More than half (51 percent) of employees said they would prefer such benefits, compared to 39 percent who prefer to have pets in the workplace. General pet-related PTO received the highest rating from both employees (47 percent) and HR decision makers (54 percent).
"Employers are increasingly recognizing the pet-human bond and how pets can positively impact workplaces and employee well-being," says Stephanie Neuvirth, senior vice president, people and organization for Vancouver, Wa.-based Banfield Pet Hospital, which operates nearly 1,000 veterinary hospitals across the United States and Puerto Rico. Not surprisingly, employees' dogs have been welcome at Banfield for more than 20 years.
In Scotland, Aberdeenshire-based craft beer maker BrewDog recently added Puppy Parental Leave to its benefit offerings, granting all 1,000 of its workers a full week of paid leave when a new dog joins their family. According to BrewDog Co-Founder James Watt, the "paw-ternity" program aligns with the company's goal of giving employees the best possible benefits, which already includes the option of bringing their dogs to work in all BrewDog offices and 50 breweries and bars worldwide, including its new 100,000 square-foot brewery in Columbus, Ohio.

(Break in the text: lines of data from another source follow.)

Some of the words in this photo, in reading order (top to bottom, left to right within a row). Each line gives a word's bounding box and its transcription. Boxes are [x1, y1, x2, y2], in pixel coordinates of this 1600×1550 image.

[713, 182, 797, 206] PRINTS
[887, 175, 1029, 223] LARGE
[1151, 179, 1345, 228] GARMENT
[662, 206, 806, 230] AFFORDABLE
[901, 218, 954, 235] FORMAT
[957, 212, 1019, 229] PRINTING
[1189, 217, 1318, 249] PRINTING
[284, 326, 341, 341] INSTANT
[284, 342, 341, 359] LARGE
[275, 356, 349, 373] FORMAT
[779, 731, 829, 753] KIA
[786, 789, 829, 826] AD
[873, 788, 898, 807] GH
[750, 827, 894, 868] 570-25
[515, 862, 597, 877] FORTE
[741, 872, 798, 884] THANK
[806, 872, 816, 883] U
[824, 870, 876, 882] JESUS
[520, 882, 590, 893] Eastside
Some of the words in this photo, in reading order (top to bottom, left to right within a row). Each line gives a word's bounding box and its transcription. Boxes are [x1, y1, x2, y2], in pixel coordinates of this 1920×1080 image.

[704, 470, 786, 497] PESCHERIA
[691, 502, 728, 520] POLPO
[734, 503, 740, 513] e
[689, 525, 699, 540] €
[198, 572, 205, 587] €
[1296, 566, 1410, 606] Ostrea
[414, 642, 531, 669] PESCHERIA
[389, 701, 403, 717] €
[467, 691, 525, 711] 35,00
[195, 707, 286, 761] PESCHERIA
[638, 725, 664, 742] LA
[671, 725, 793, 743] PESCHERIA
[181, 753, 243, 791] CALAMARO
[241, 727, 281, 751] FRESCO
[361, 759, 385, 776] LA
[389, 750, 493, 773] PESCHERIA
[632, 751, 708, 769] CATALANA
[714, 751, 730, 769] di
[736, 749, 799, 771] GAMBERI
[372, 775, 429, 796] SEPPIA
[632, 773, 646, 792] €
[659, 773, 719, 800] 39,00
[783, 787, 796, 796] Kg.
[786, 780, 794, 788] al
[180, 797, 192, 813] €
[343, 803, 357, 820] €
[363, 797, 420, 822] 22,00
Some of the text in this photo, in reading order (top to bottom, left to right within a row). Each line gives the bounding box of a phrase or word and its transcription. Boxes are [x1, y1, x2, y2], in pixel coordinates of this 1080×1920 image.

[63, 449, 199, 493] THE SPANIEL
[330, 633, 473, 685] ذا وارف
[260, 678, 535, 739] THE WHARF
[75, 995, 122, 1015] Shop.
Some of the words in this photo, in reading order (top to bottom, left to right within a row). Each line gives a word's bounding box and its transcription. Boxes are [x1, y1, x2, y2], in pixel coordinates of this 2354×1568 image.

According to the company, BrewDog is the first brewery in the UK and the first company in the U.S. to give workers time off to get a new dog acclimated to his or her new life and home.
"It's not easy trying to juggle work and settle a new dog into your life, and many members of our crew have four-legged friends at home," says Watt. "So we wanted to take the stress out of the situation and let our teams take the time they need to welcome their new puppy or dog into their family."
Getting a recent canine addition settled in their new environment takes time, but so, too, does the process of grieving for a pet. With an increasing number of people now considering their pets to be members of the family, organizations have begun granting pet bereavement leave to give employees the time they need to mourn their loss before returning to work. San Francisco-based Kimpton Hotels & Restaurants offers a three-day pet bereavement leave, while some units of McLean, Va.-based Mars Inc. offer one or more days of pet bereavement, along with flexible hours and the ability to work from home when a pet dies.
While designated paid time off to grieve a pet is not yet widely offered, Jon Decoteau, divisional director for the western region at the Society for Human Resource Management, suspects managers have been quietly allowing employees to use personal time off and vacation days for that purpose for a long time. While some people roll their eyes when first hearing of such a benefit, Decoteau expects pet-bereavement leave to gain momentum. He tells HR leaders they "don't want to be behind the curve on" this trend and must begin considering how best to craft a policy.
"The devil is in the details. If someone's goldfish dies, do you allow that person a day or two off? That's dramatically different than the family dog or cat or horse," says Decoteau. "My perception is the more freedom with broad outlines that you can give to managers in how they work that manager-employee relationship, the more successful you'll be."